Y por primera vez en su historia, cantaron la canción del sol negro, con tristeza y con dolor:

¡Ay de nosotros!
Negro brilla el Sol.
Su luz cubre la Tierra con tristeza.
Sus rayos presagian la muerte.
¡Ay de nosotros!

No regresaron los guerreros,
Cayeron en la batalla sobre el Gran Río,
los arqueros y los exploradores,
los hondistas y los lanceros.
¡Ay de nosotros!

Negro brilla el Sol.
La oscuridad cubre la Tierra.


El avance de los recolectores de caucho

La paz en la frontera oriental del imperio duró poco tiempo. Apenas quince años después de la terrible guerra en las zonas bajas del Gran Río. los Blancos Bárbaros se habían recuperado de sus pérdidas. Prepararon un nuevo ataque sobre el Gran Bosque. Desde Manaus, que es como llaman a su ciudad más grande, avanzaron en un amplio frente hasta las zonas altas del Gran Río. del Río Rojo y del Río Negro. Y una vez más, venían impulsados por su insaciable avaricia. Los Blancos Bárbaros habían descubierto el secreto del caucho.

Mi pueblo ha conocido el secreto de la cauchera durante miles de años. Nuestros sacerdotes se sirven de su savia para preparar medicinas y venenos. También la utilizan para preparar los colores de las pinturas de guerra y para la construcción de casas. Pero mi pueblo respeta las leyes de la Naturaleza. Recoge solamente pequeñas cantidades de caucho, que es la forma como los Blancos Bárbaros denominan a la savia de los árboles. Mi pueblo evita todo aquello que pueda poner en peligro la vida de los bosques.

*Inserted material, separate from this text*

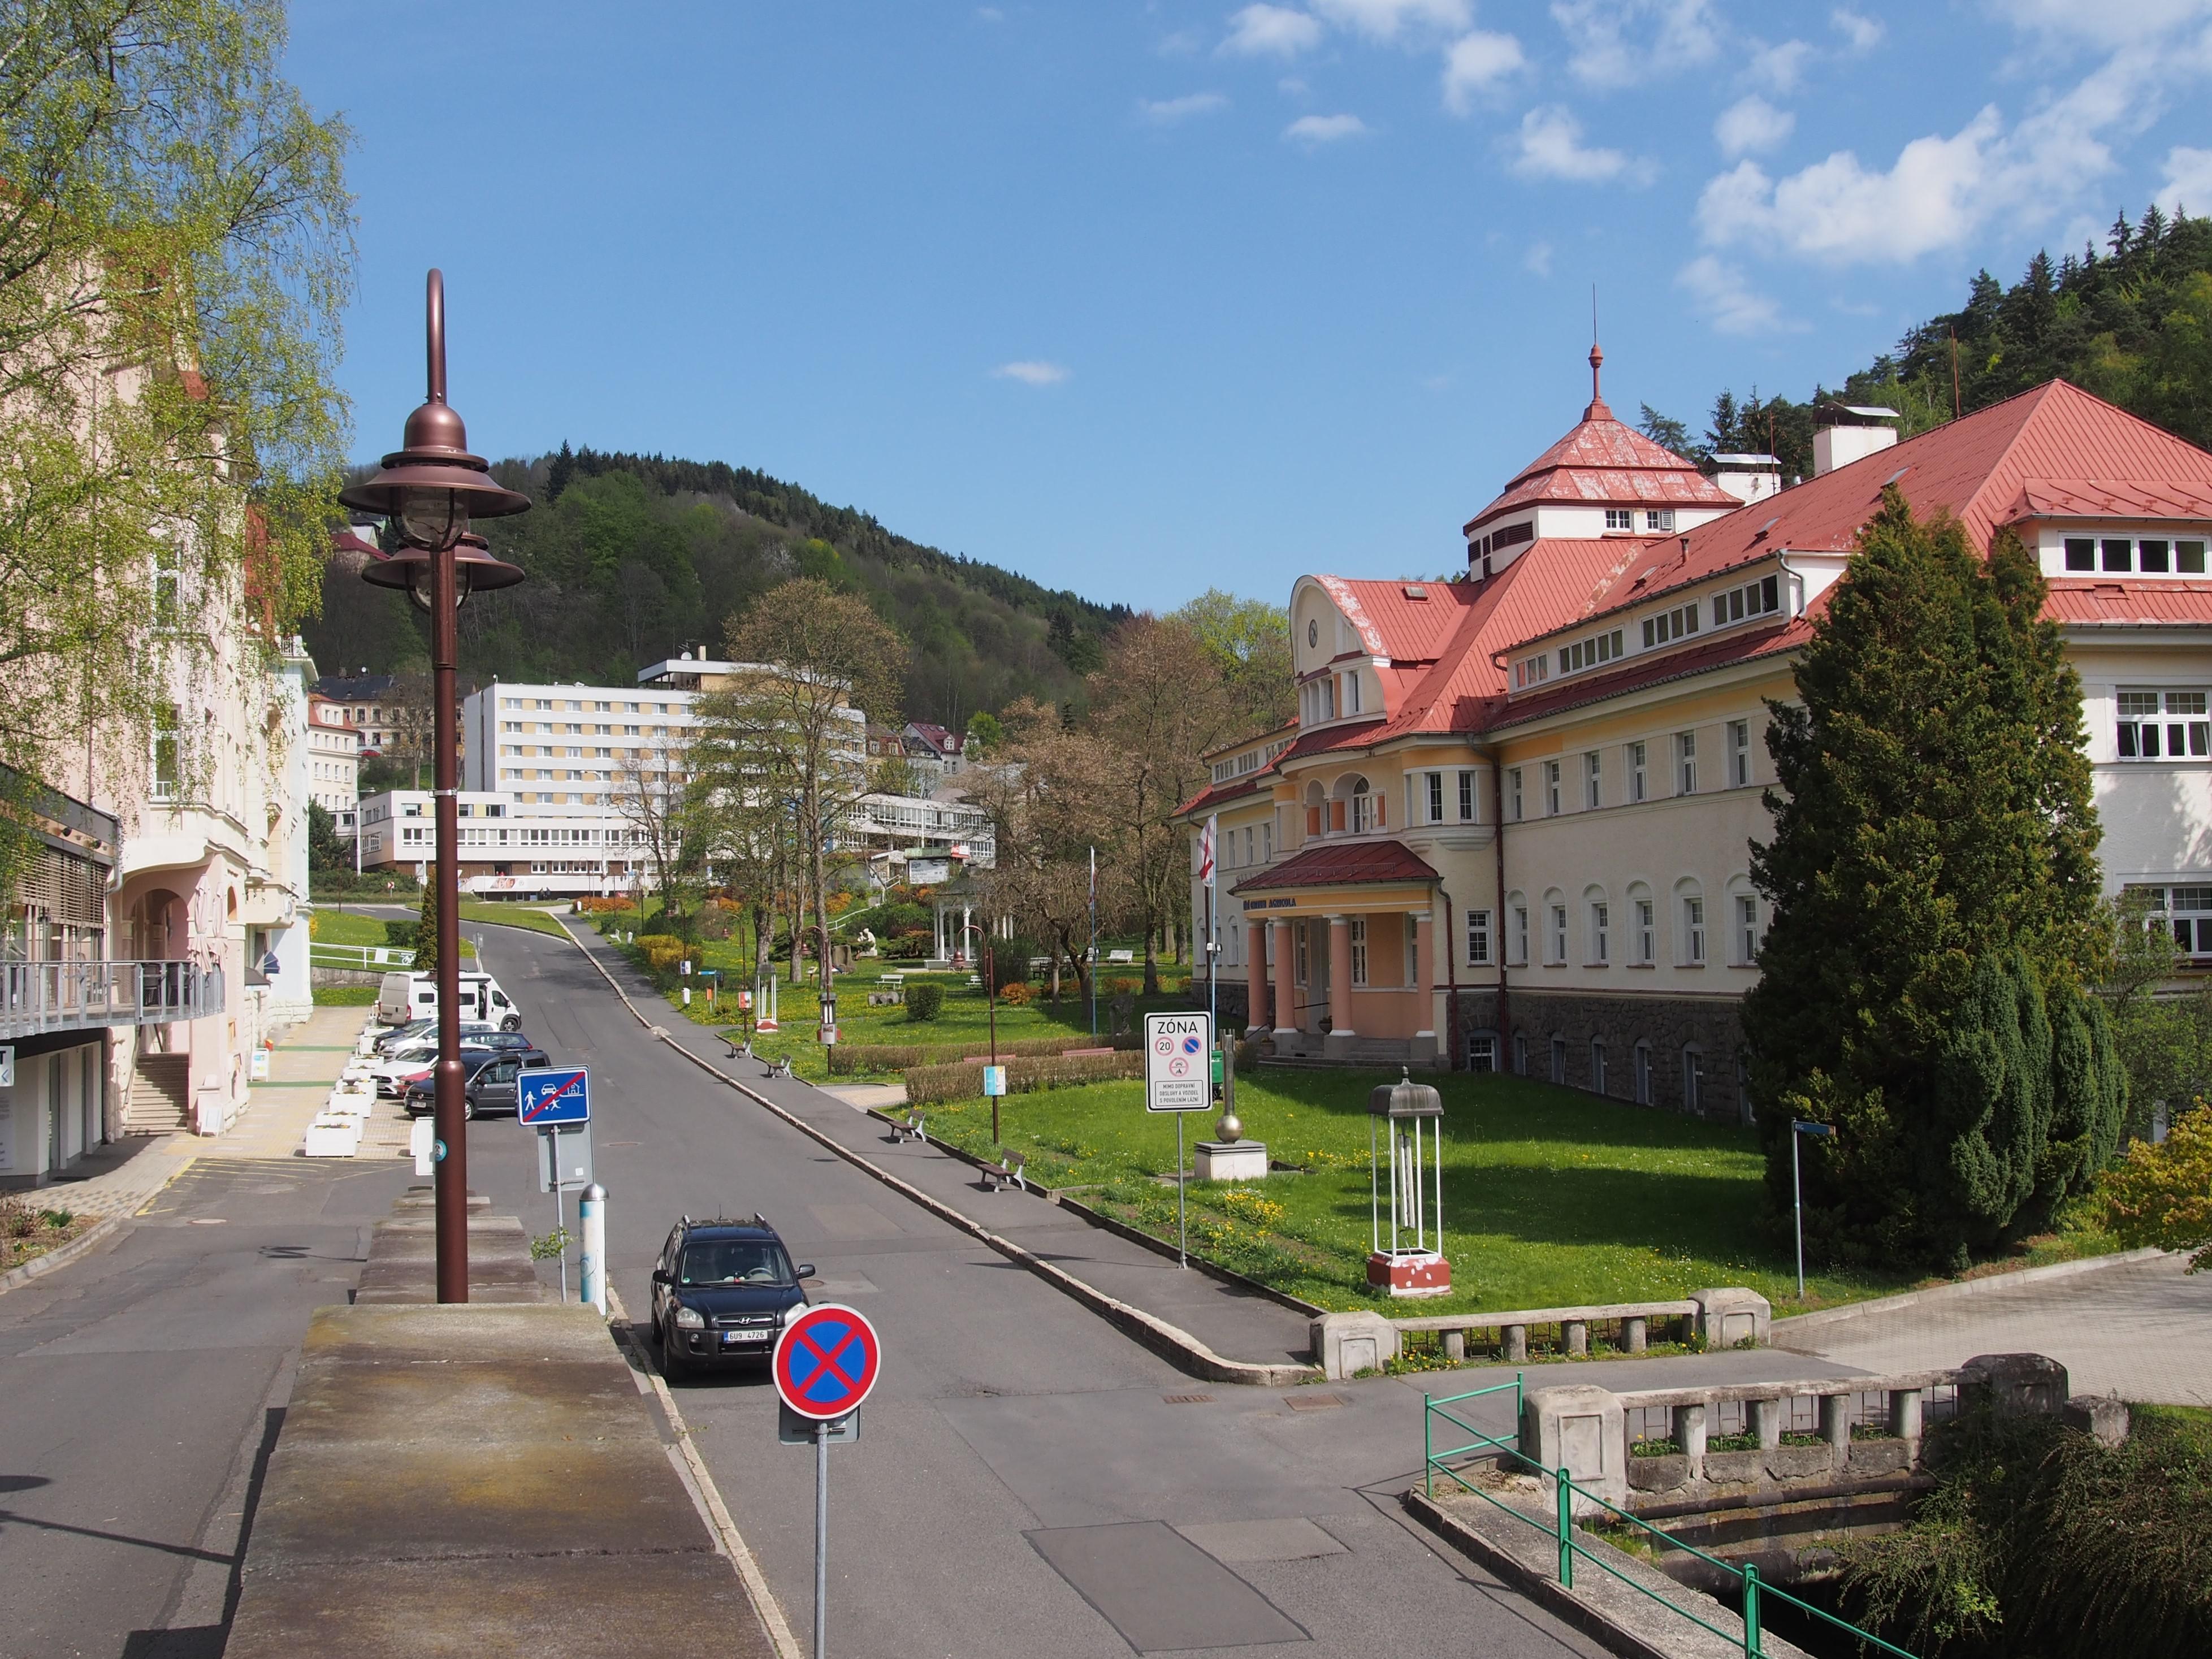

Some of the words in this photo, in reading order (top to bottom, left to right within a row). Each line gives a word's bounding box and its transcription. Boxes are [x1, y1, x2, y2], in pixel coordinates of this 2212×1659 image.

[1269, 898, 1296, 908] AGRICOLA
[1157, 1019, 1198, 1034] ZÓNA
[1159, 1042, 1170, 1050] 20

Sin piedad, los Blancos Bárbaros trajeron la destrucción de la Naturaleza. Enviaron cientos de miles de hombres a la inmensidad de las lianas, empujados por la promesa de la riqueza fácil y protegidos por las armas de sus caudillos. En un corto período de tiempo, el país antiguamente fértil se vio convertido en un desolado desierto. Este renovado avance de los Blancos Bárbaros era más peligroso para Akakor que sus campañas cien años antes. Entonces se habían contentado con un rápido botín. Ahora se quedaban en los bosques, se establecían y cultivaban la tierra. Las tribus salvajes tuvieron que huir.

Aquellas que permanecieron fueron asesinadas por los recolectores de caucho o mantenidas prisioneras como animales en grandes empalizadas. Se extendió una gran desesperación. Como los Blancos Bárbaros no conocen la luz de los Dioses, la superficie de la tierra se oscureció.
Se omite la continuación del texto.